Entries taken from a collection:
== Segment start ==
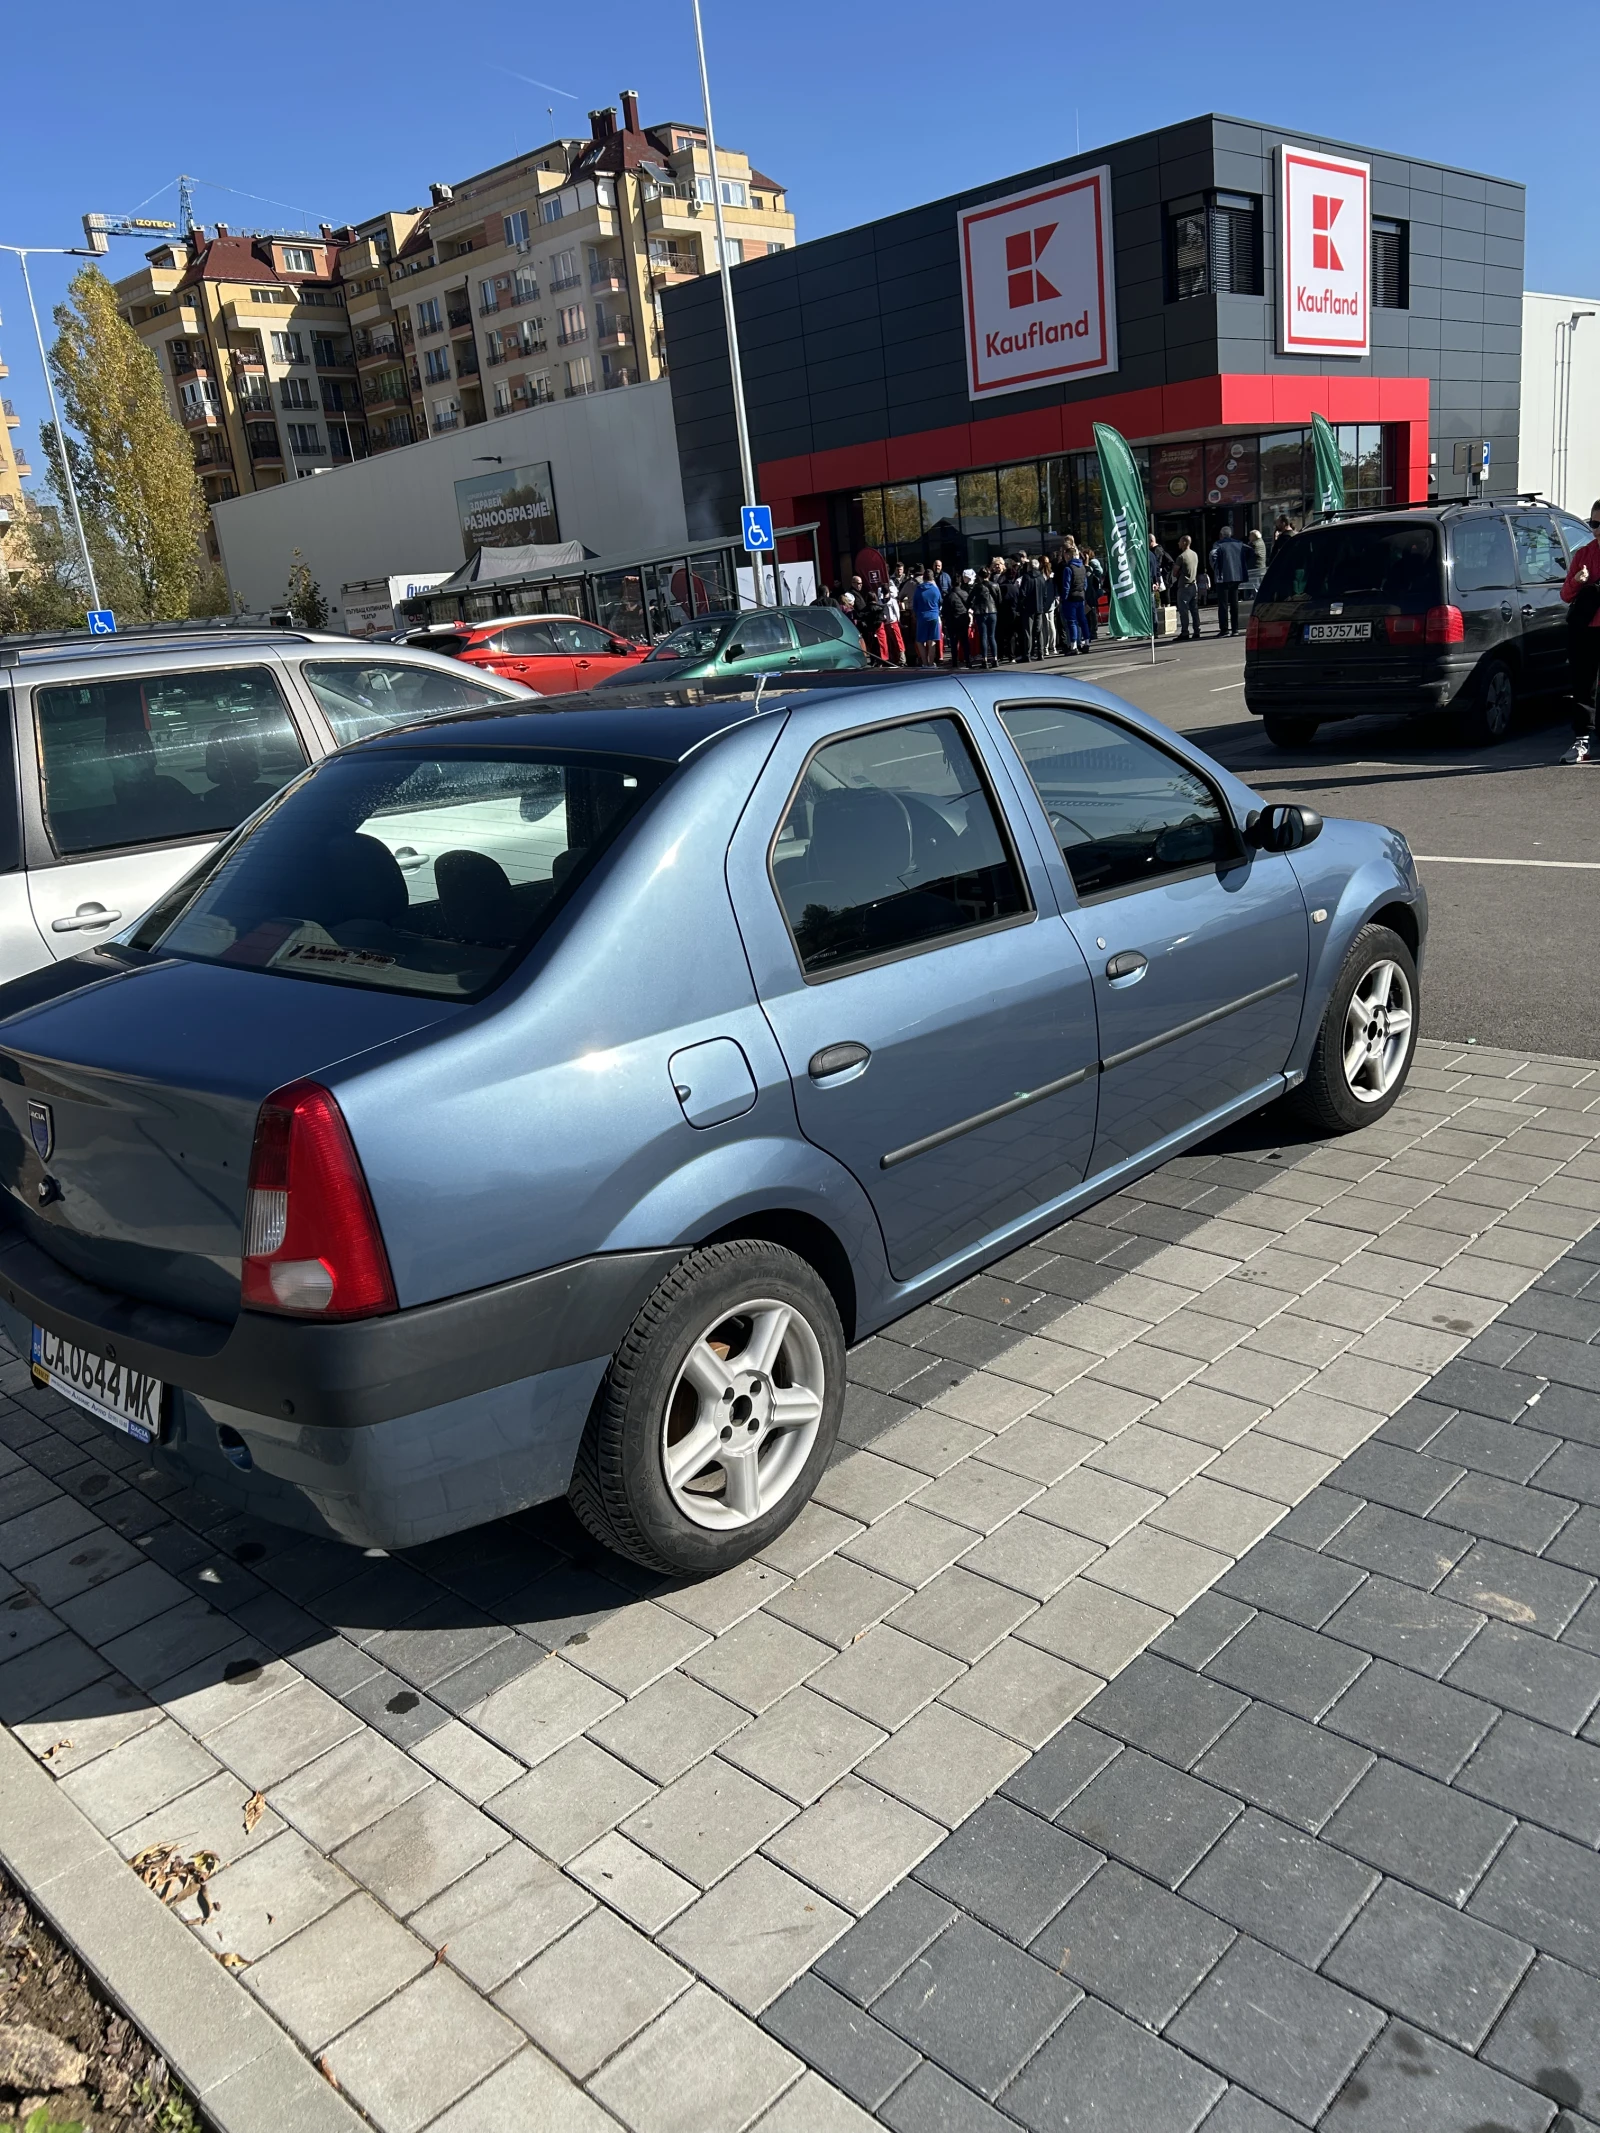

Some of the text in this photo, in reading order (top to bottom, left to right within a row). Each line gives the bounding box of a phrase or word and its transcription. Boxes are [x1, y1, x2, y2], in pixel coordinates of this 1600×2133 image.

[135, 218, 177, 229] IZOTECH
[1297, 285, 1358, 316] Kaufland
[985, 310, 1089, 358] Kaufland
[463, 498, 551, 531] РАЗНООБРАЗИЕ!
[469, 495, 504, 512] ЗДРАВЕЙ,
[1310, 624, 1370, 639] CB 3757 ME
[124, 1367, 155, 1427] MK
[130, 1424, 149, 1438] DACIA
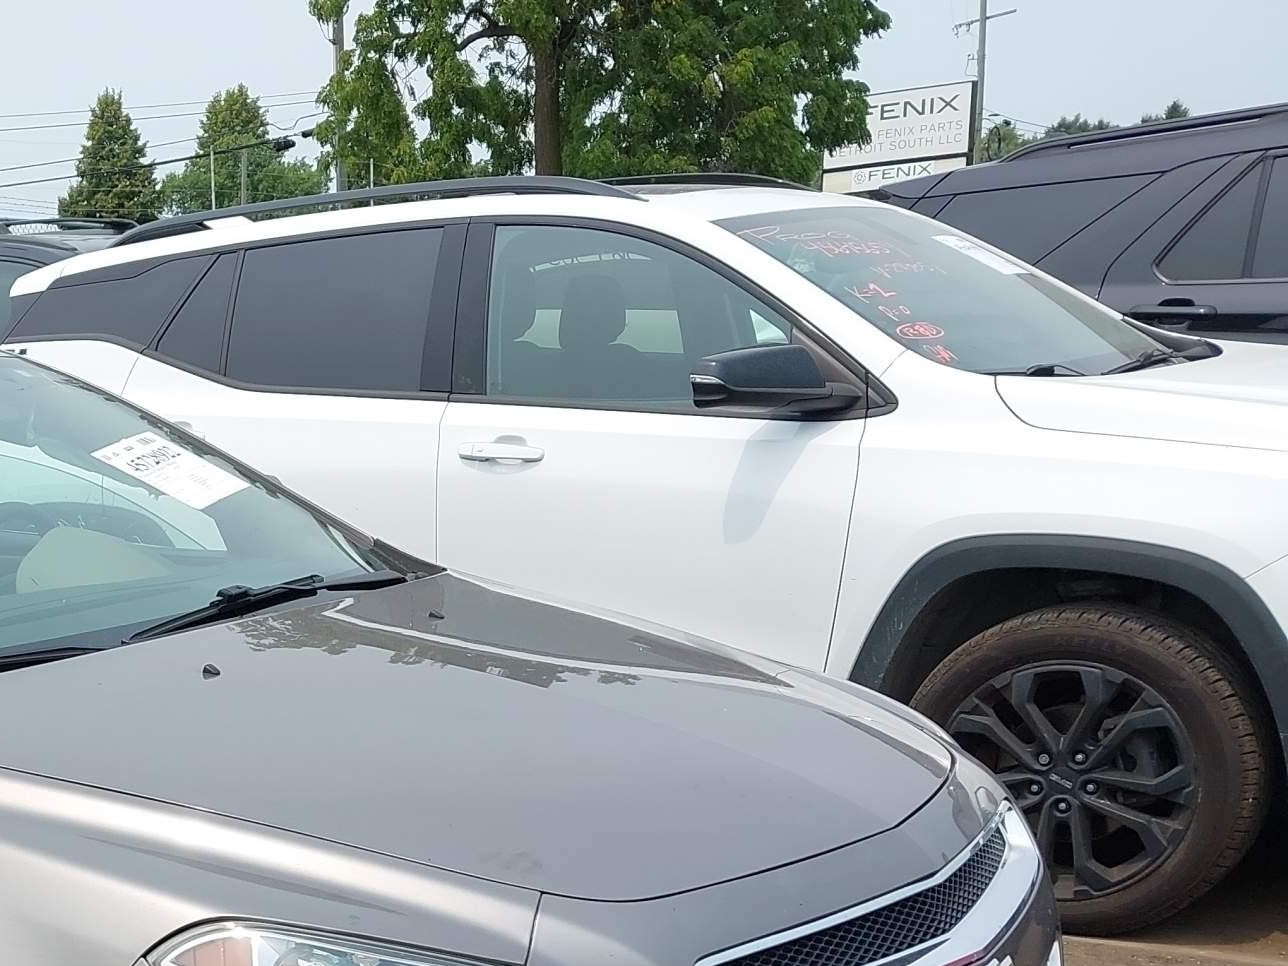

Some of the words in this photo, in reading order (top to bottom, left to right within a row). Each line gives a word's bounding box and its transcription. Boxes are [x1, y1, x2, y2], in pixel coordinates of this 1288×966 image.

[877, 127, 915, 141] FENIX
[919, 120, 963, 134] PARTS
[888, 138, 933, 151] SOUTH
[868, 163, 932, 182] FENIX
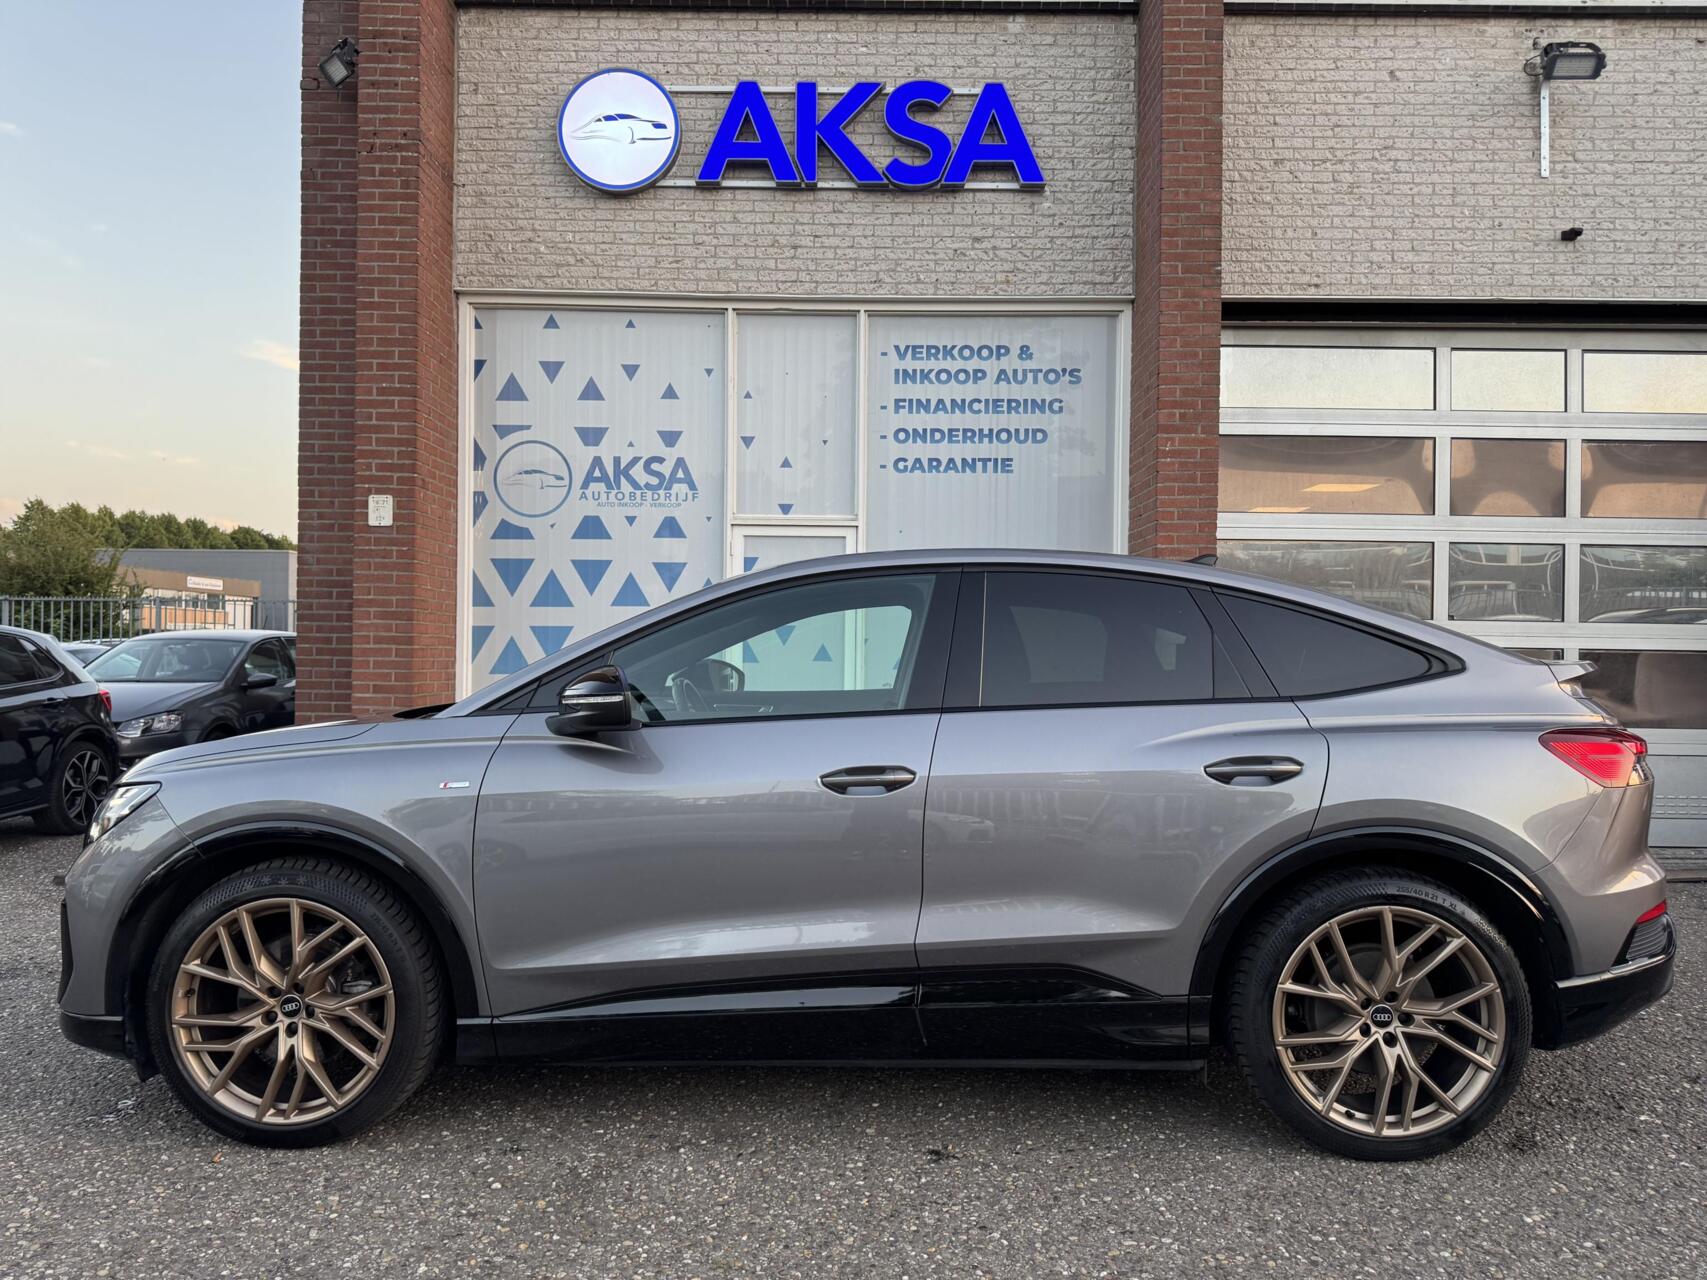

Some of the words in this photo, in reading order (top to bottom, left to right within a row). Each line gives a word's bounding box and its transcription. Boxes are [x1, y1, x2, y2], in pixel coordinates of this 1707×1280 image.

[696, 80, 1046, 191] AKSA
[893, 344, 1011, 362] VERKOOP
[1017, 344, 1034, 362] &
[893, 368, 988, 386] INKOOP
[993, 367, 1083, 386] AUTO'S
[893, 398, 1064, 415] FINANCIERING
[893, 427, 1049, 445] ONDERHOUD
[580, 456, 698, 491] AKSA
[892, 457, 1014, 474] GARANTIE
[578, 491, 700, 502] AUTOBEDRIJF
== Segment end ==
PROBLEM TO WORK ON:
Return all the records exactly, excluding images.

EXERCISE ANSWER:
Some of the text in this photo, in reading order (top to bottom, left to right within a row). Each line gives the bounding box of a phrase or word and its transcription. Boxes are [x1, y1, x2, y2], in pixel coordinates of this 1600×2133 image.

[135, 218, 177, 229] IZOTECH
[1297, 285, 1358, 316] Kaufland
[985, 310, 1089, 358] Kaufland
[463, 498, 551, 531] РАЗНООБРАЗИЕ!
[469, 495, 504, 512] ЗДРАВЕЙ,
[1310, 624, 1370, 639] CB 3757 ME
[124, 1367, 155, 1427] MK
[130, 1424, 149, 1438] DACIA

Some of the words in this photo, in reading order (top to bottom, left to right within a row). Each line gives a word's bounding box and its transcription. Boxes are [x1, y1, x2, y2], in pixel coordinates of this 1288×966 image.

[877, 127, 915, 141] FENIX
[919, 120, 963, 134] PARTS
[888, 138, 933, 151] SOUTH
[868, 163, 932, 182] FENIX

Some of the words in this photo, in reading order (top to bottom, left to right within a row). Each line gives a word's bounding box and its transcription. Boxes are [x1, y1, x2, y2], in pixel coordinates of this 1707×1280 image.

[696, 80, 1046, 191] AKSA
[893, 344, 1011, 362] VERKOOP
[1017, 344, 1034, 362] &
[893, 368, 988, 386] INKOOP
[993, 367, 1083, 386] AUTO'S
[893, 398, 1064, 415] FINANCIERING
[893, 427, 1049, 445] ONDERHOUD
[580, 456, 698, 491] AKSA
[892, 457, 1014, 474] GARANTIE
[578, 491, 700, 502] AUTOBEDRIJF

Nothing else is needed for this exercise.